Personal information
- Full name: Antoni Camps i Bau
- Date of birth: 24 May 1938
- Place of birth: Sant Joan de Vilatorrada, Spain
- Date of death: 8 March 2026 (aged 87)
- Place of death: Altafulla, Spain
- Height: 1.70 m (5 ft 7 in)
- Position: Forward

Youth career
- Manresa
- 1955–1956: Barcelona

Senior career*
- Years: Team / Apps / (Gls)
- 1956–1957: Manresa / 43 / (20)
- 1957–1962: Espanyol / 116 / (24)
- 1962–1964: Barcelona / 17 / (3)
- 1964–1965: Mataró
- 1965–1968: Sabadell / 32 / (7)
- 1968–1969: Mallorca / 8 / (0)

International career
- 1960: Catalonia / 1 / (0)
- 1960: Spain U-21 / 1 / (0)

Managerial career
- 1969–1970: Calella
- 1970–1971: Mataró
- 1971–1972: Sants

= Antonio Camps =

Spanish football player and manager (1938–2026)

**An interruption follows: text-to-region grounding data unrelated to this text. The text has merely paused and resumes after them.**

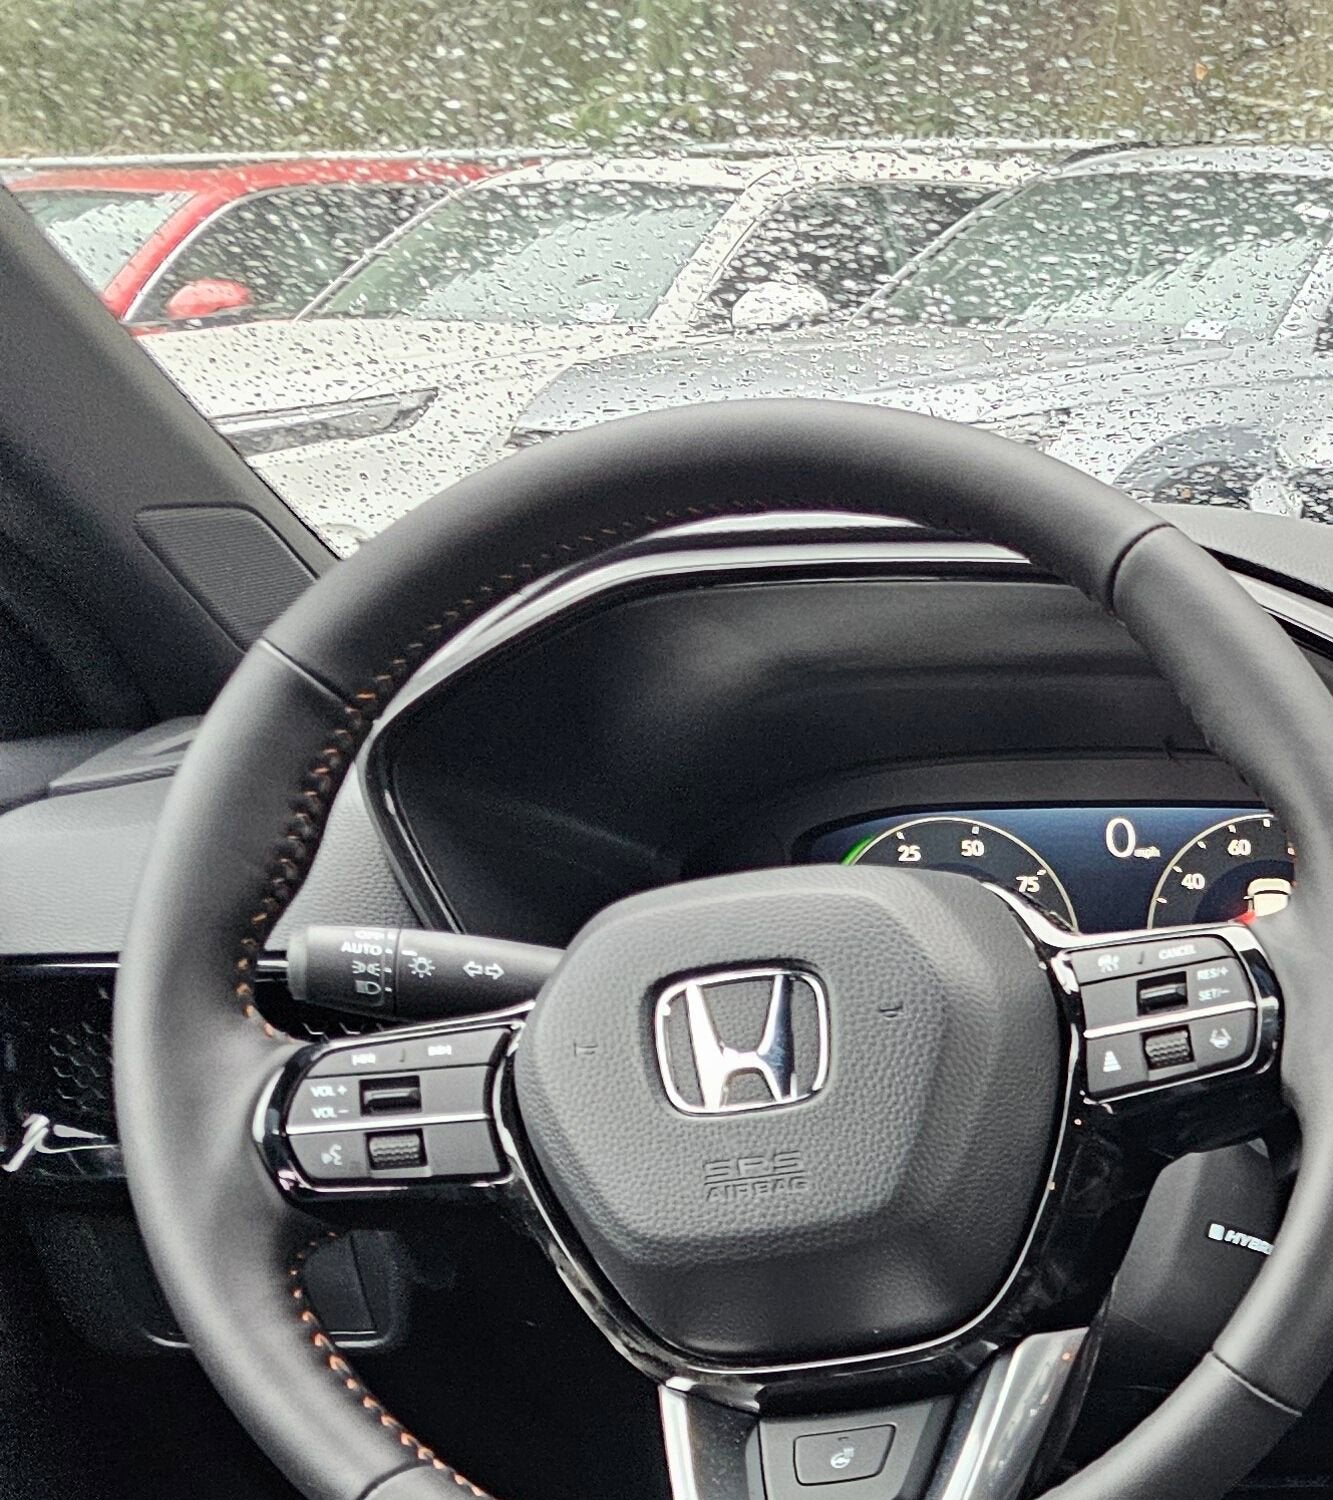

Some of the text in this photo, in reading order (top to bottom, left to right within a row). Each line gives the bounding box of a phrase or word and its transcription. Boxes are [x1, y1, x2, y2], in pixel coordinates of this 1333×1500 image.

[1106, 817, 1136, 858] 0
[897, 844, 921, 862] 25
[961, 840, 985, 858] 50
[1227, 839, 1252, 857] 60
[1015, 876, 1040, 895] 75
[1181, 872, 1206, 891] 40
[341, 941, 383, 956] AUTO
[310, 1085, 337, 1098] VOL
[311, 1106, 337, 1119] VOL

Antonio Camps Bau (24 May 1938 – 8 March 2026) was a Spanish football player and manager.

A forward, Camps notably played for FC Barcelona and RCD Espanyol, winning the Copa del Generalísimo with the former in 1963. He also played in one match for the Catalan national team and coached for CF Calella, CE Mataró, and UE Sants.

Camps died in Altafulla on 8 March 2026, at the age of 87.